There are a large number of handset standards worldwide that have varying RF requirements, but they can all be placed into two categories from a transmit amplifier point of view: saturated or linear operation. The analog (AMPS) and TDMA (NADC, GSM and DCS) standards fall into the saturated PA category because they have little or no modulation envelope. For these cases, the PA can be operated near or at saturation and still meet system requirements. The CDMA and W-CDMA standards have a larger modulation envelope (peak to average ratio) and require the PA to operate in a more linear region in order to meet requirements. This higher linearity is usually obtained by running the PA backed-off from saturation at the expense of lower power added efficiency (PAE).
For all handset standards (saturated or linear), there is a requirement that the PA survive at high load SWR conditions under full power RF drive. This is due to the varied environment that the handset must operate in and to be prepared for an antenna fault. During this test, very high voltage or current swings are created on the power transistors as the phase of the load is varied. In many cases, PAs without a protection scheme, regardless of the process technology used, will fail catastrophically under this condition due to high current, high voltage or oscillation.
The family of SiGe PA ICs described here address all major handset standards and have SWR protection circuitry on-chip that enables them to pass industry standard ruggedness tests while having competitive output power (Pout ), PAE, gain and linearity, as well as necessary control functions.

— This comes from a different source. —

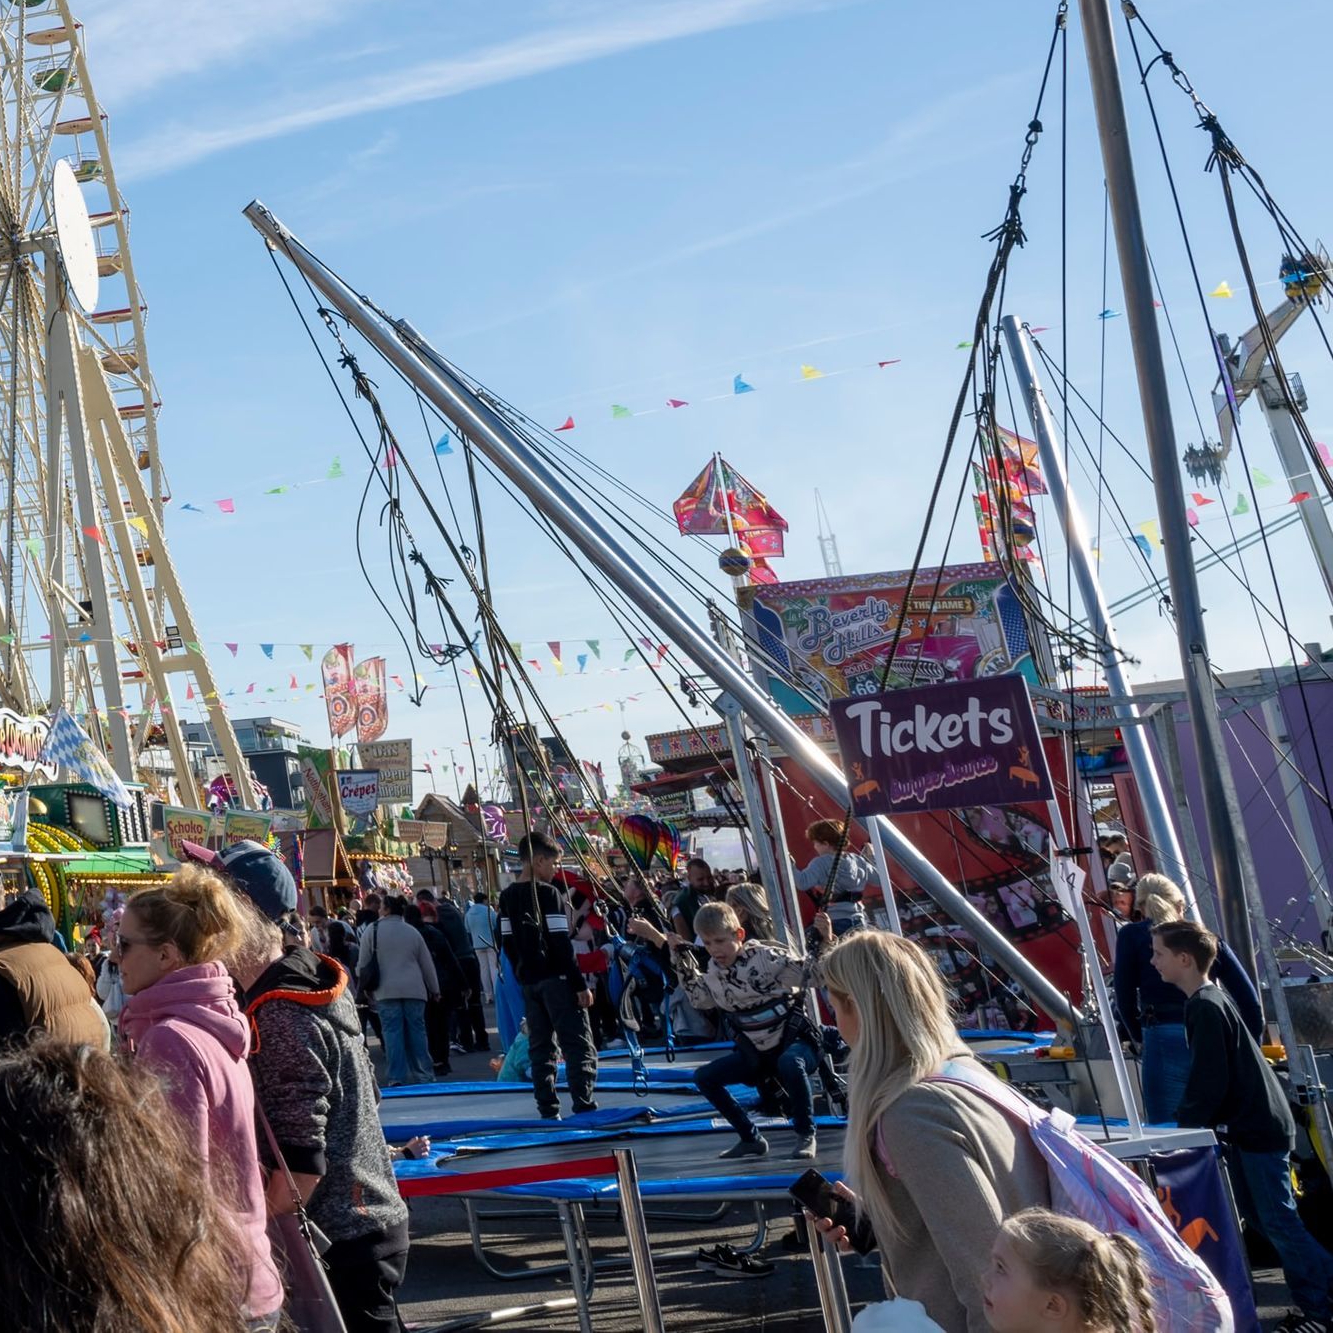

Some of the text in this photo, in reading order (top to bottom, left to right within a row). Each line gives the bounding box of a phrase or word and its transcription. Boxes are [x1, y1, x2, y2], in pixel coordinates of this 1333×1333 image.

The SiGe BiCMOS technology used in this work has a number of advantages in the design of radio frequency integrated circuits (RFIC). The extensive menu of devices available, including NPN, NPNHB (high breakdown), PNP, NMOS, PMOS devices, 4 types of diodes, 2 types of capacitors, 5 types of resistors and scalable inductors, permit a wide variety of RF circuits with a high level of integration to be realized. Table 1 summarizes the devices offered in the 5HP/AM process.1
The resulting potential for high levels of integration is excellent in a BiCMOS process. Single-chip transmit ICs with functionality from baseband modulation to the PA output are planned in the near future. Later in time, the possibility exists for full transceiver ICs with the PA function incorporated. This is especially feasible for lower power systems such as Bluetooth.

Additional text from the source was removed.